▶ What is expected
Reproduce the entries that follow exactly, dropping each image.

[[ Data provided, beginning ]]

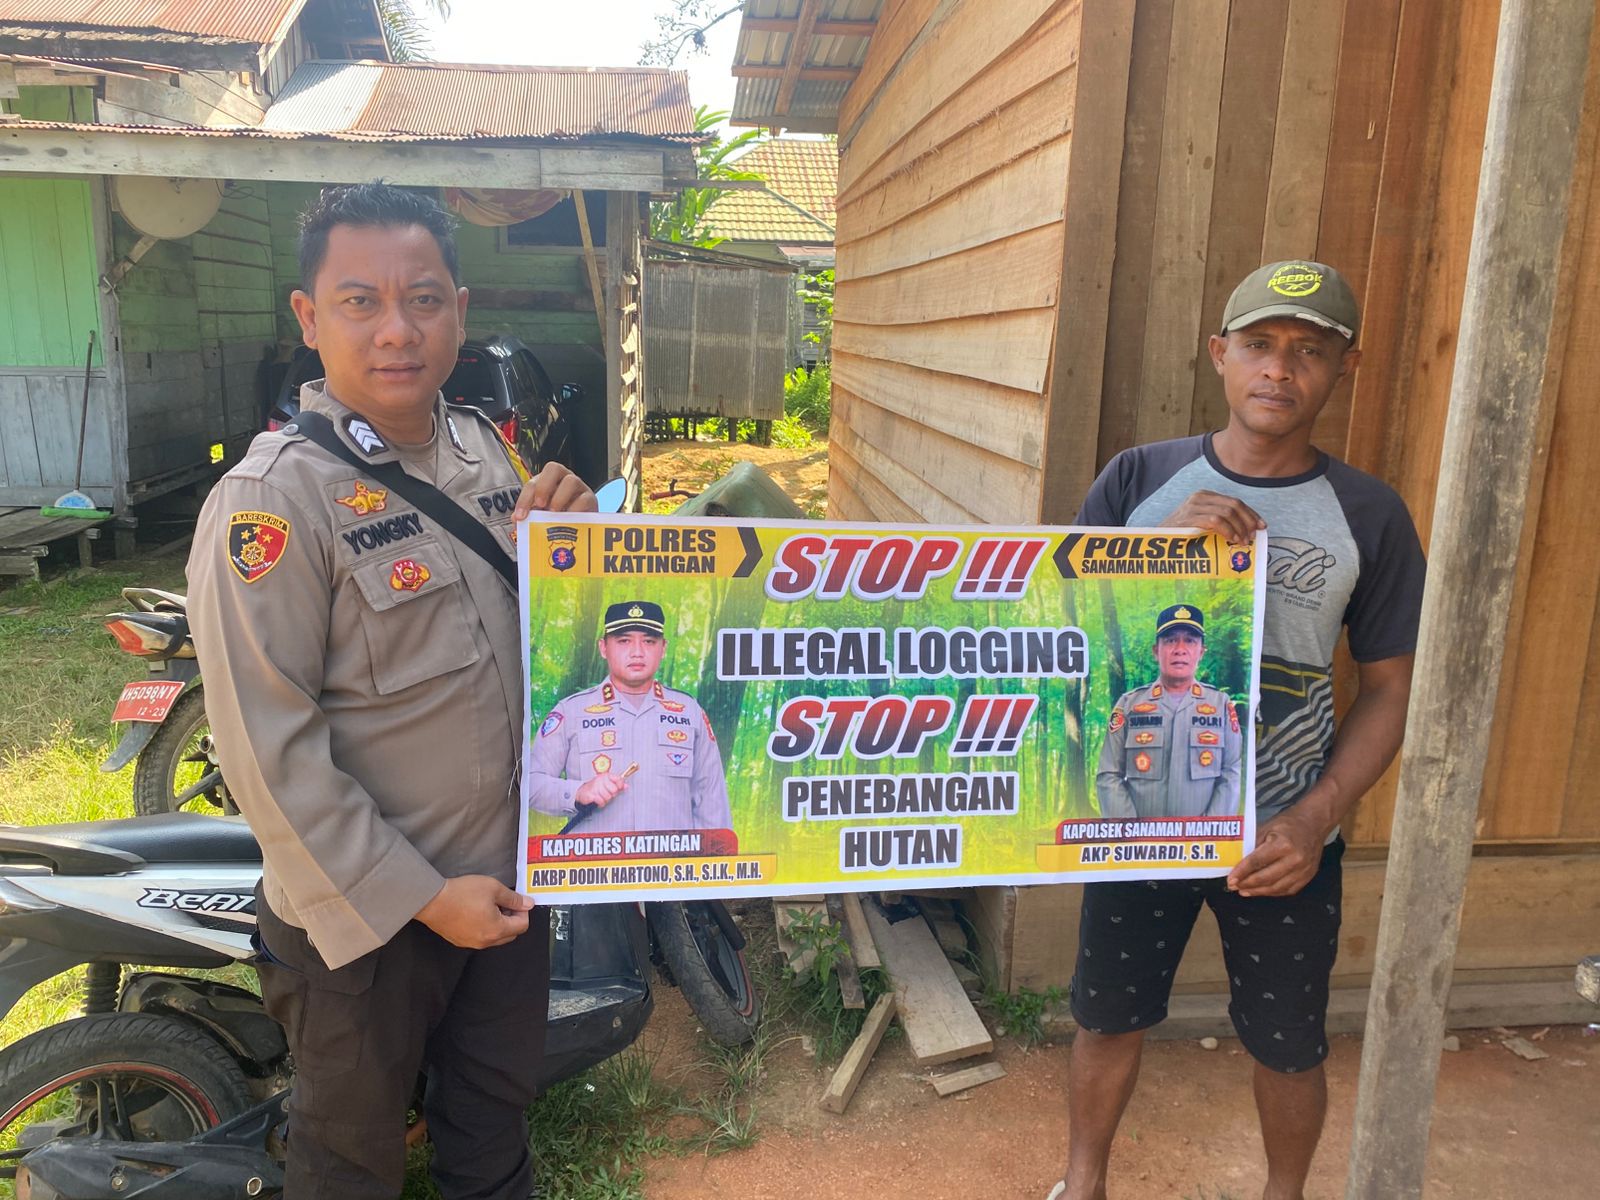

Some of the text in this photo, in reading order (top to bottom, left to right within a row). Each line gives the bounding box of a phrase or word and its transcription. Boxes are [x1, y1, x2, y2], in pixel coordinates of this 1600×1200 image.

[1267, 273, 1323, 288] REEBOK
[236, 513, 285, 530] BARESKRIM
[342, 512, 424, 555] YONGKY
[603, 527, 717, 554] POLRES
[1082, 536, 1210, 560] POLSEK
[603, 554, 716, 574] KATINGAN
[771, 536, 1048, 595] STOP !!!
[1081, 557, 1212, 575] SANAMAN MANTIKEI
[721, 630, 1085, 676] ILLEGAL LOGGING
[582, 717, 616, 729] DODIK
[660, 714, 691, 726] POLRI
[771, 698, 1035, 757] STOP !!!
[1192, 716, 1222, 727] POLRI
[786, 775, 1016, 818] PENEBANGAN
[1062, 820, 1241, 840] KAPOLSEK SANAMAN MANTIKEI
[542, 834, 701, 857] KAPOLRES KATINGAN
[843, 828, 959, 868] HUTAN
[1081, 844, 1219, 862] AKP SUWARDI, S.H.
[531, 862, 762, 887] AKBP DODIK HARTONO, S.H., S.I.K., M.H.

[[ Data provided, end ]]

▶ Answer to the exercise
Some of the text in this photo, in reading order (top to bottom, left to right within a row). Each line gives the bounding box of a phrase or word and its transcription. Boxes are [x1, y1, x2, y2], in pixel coordinates of this 1600×1200 image.

[1267, 273, 1323, 288] REEBOK
[236, 513, 285, 530] BARESKRIM
[342, 512, 424, 555] YONGKY
[603, 527, 717, 554] POLRES
[1082, 536, 1210, 560] POLSEK
[603, 554, 716, 574] KATINGAN
[771, 536, 1048, 595] STOP !!!
[1081, 557, 1212, 575] SANAMAN MANTIKEI
[721, 630, 1085, 676] ILLEGAL LOGGING
[582, 717, 616, 729] DODIK
[660, 714, 691, 726] POLRI
[771, 698, 1035, 757] STOP !!!
[1192, 716, 1222, 727] POLRI
[786, 775, 1016, 818] PENEBANGAN
[1062, 820, 1241, 840] KAPOLSEK SANAMAN MANTIKEI
[542, 834, 701, 857] KAPOLRES KATINGAN
[843, 828, 959, 868] HUTAN
[1081, 844, 1219, 862] AKP SUWARDI, S.H.
[531, 862, 762, 887] AKBP DODIK HARTONO, S.H., S.I.K., M.H.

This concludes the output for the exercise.